IL LEONE DELLE SCENE è CADUTO IN FALLO
Non sono molti gli attori che possono vantare di aver recitato un testo scritto su misura da Giovanni Testori. Franco Branciaroli, memorabile interprete di In exitu, ha del resto conosciuto da vicino tutto il meglio del teatro italiano del Novecento: da Carmelo Bene a Luca Ronconi, passando per Gassman e Albertazzi.
Di recente, il re delle scene ha scritto un libro di finzione, La carne tonda, edito da Aragno, pungolato dalla noia disimpegnata della pandemia. Così almeno Branciaroli racconta l’origine del suo esordio in narrativa in un’intervista rilasciata a Gianmarco Aimi e apparsa su «Rolling Stones» lo scorso luglio. Nella conversazione, volutamente idiosincratica (il teatro di oggi viene definito amatoriale, un luogo dove «questi disgraziati di giovani allestiscono degli spettacoletti»), battezza questa nuova attività come un’epifania e racconta di come il libro non sia stato gradito dal pubblico femminile (se ne esiste uno).
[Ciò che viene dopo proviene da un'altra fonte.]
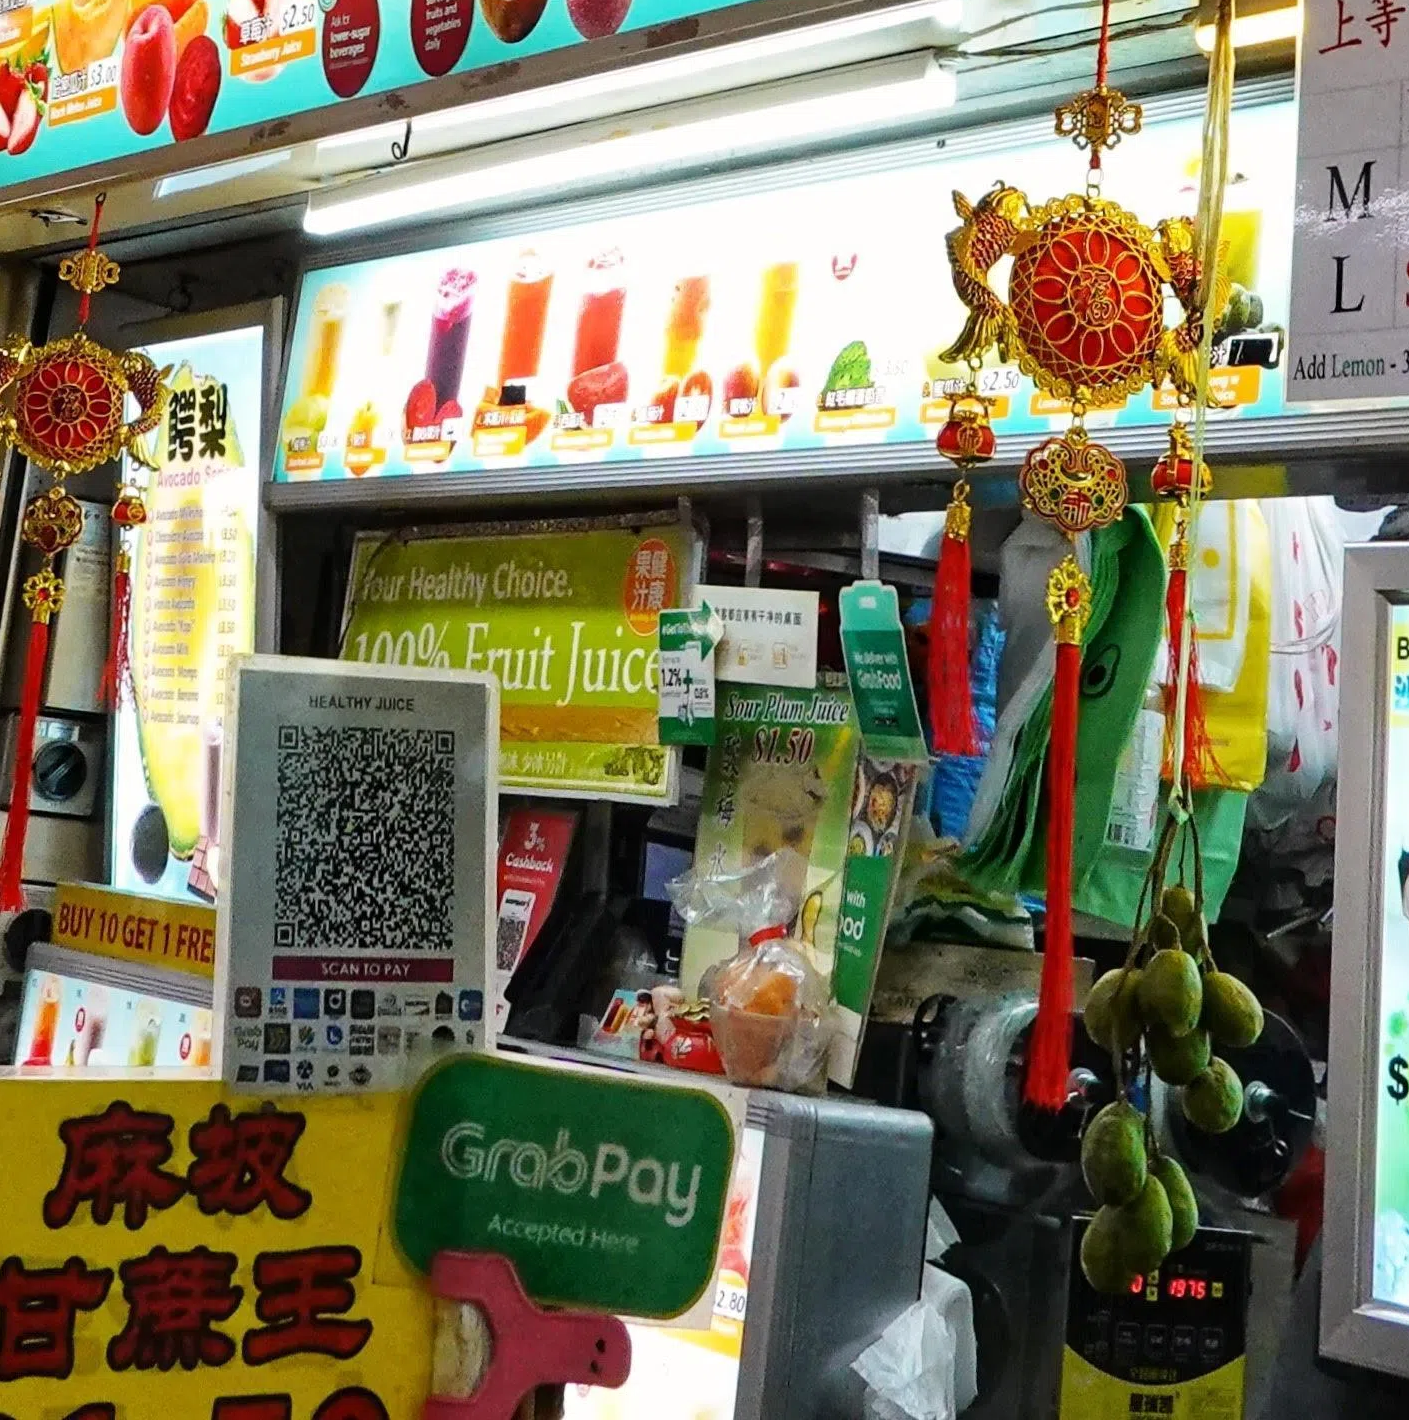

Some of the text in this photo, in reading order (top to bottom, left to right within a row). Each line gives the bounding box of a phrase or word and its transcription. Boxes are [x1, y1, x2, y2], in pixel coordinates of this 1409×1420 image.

[282, 2, 315, 33] $2.50
[1325, 159, 1378, 223] M
[1330, 254, 1367, 314] L
[1292, 356, 1327, 382] Add
[1331, 349, 1385, 380] Lemon
[361, 560, 574, 607] Your Healthy Choice.
[465, 621, 556, 692] Fruit
[556, 620, 660, 708] Juice
[307, 694, 415, 712] HEALTHY JUICE
[725, 693, 850, 725] Sour Plum Juice
[752, 724, 816, 766] $1.50
[505, 851, 554, 874] Cashback
[58, 902, 215, 965] BUY 10 GET FRE
[321, 961, 411, 977] SCAN TO PAY
[441, 1121, 703, 1229] GrabPay
[486, 1213, 640, 1255] Accepted Here
Carne tonda ha ricevuto in effetti alcuni buoni riscontri: Paolo Di Stefano ne ha ben scritto sul «Corriere della Sera» e Massimiliano Parente sul «Giornale». Ma si tratta - attenzione! - di due critici uomini. La contingenza non è casuale, ci spiega Branciaroli su «Rolling Stones»: «Tutte le donne che leggono questo libro non riescono ad apprezzarlo». Impossibile non dar ragione a Branciaroli, almeno da parte di chi scrive, per l’appunto, una donna. Il racconto, volutamente privo di trama, si articola intorno a una passeggiata. Il protagonista, un ex impiegato con Mercedes, che ha da poco superato la mezza età, si trova alle prese con un mondo che capisce sempre meno, e una vecchiaia fisica e sessuale che visibilmente lo angoscia. Il flusso di pensieri, attivato dalla dimensione del flaneur, mescola esperienze vissute in prima persona e racconti di altri lasciando il lettore non di rado confuso e smarrito.
Ma è il fallo maschile l’indiscutibile protagonista dell’opera: un fallo costantemente impegnato in rapporti sessuali (uno anche con un alano), o in maestose evacuazioni («ne ho ancora; prostata di caucciù, ultima sbroffata a largo raggio»), paragonato per dimensioni a quello di un equino. Evidenti i modelli letterari: tra i molti, gli insofferenti sfoghi monologici di Thomas Bernard e, più ancora, l’espressionismo testoriano con le sue esplosioni oscene. Ma Testori era stato in grado di inventarsi ex novo una lingua, attingendo dalle bassezze del dialetto e dalle altezze del latino. Branciaroli invece, disseminando le pagine di Porsche, di Expo e di Viagra, di «fanculo i fast-food» e «adesso è una Milano da mangiare» si distanzia meno di quanto ritenga dal lessico dominante. E così la provocazione finisce per tingersi di conformismo.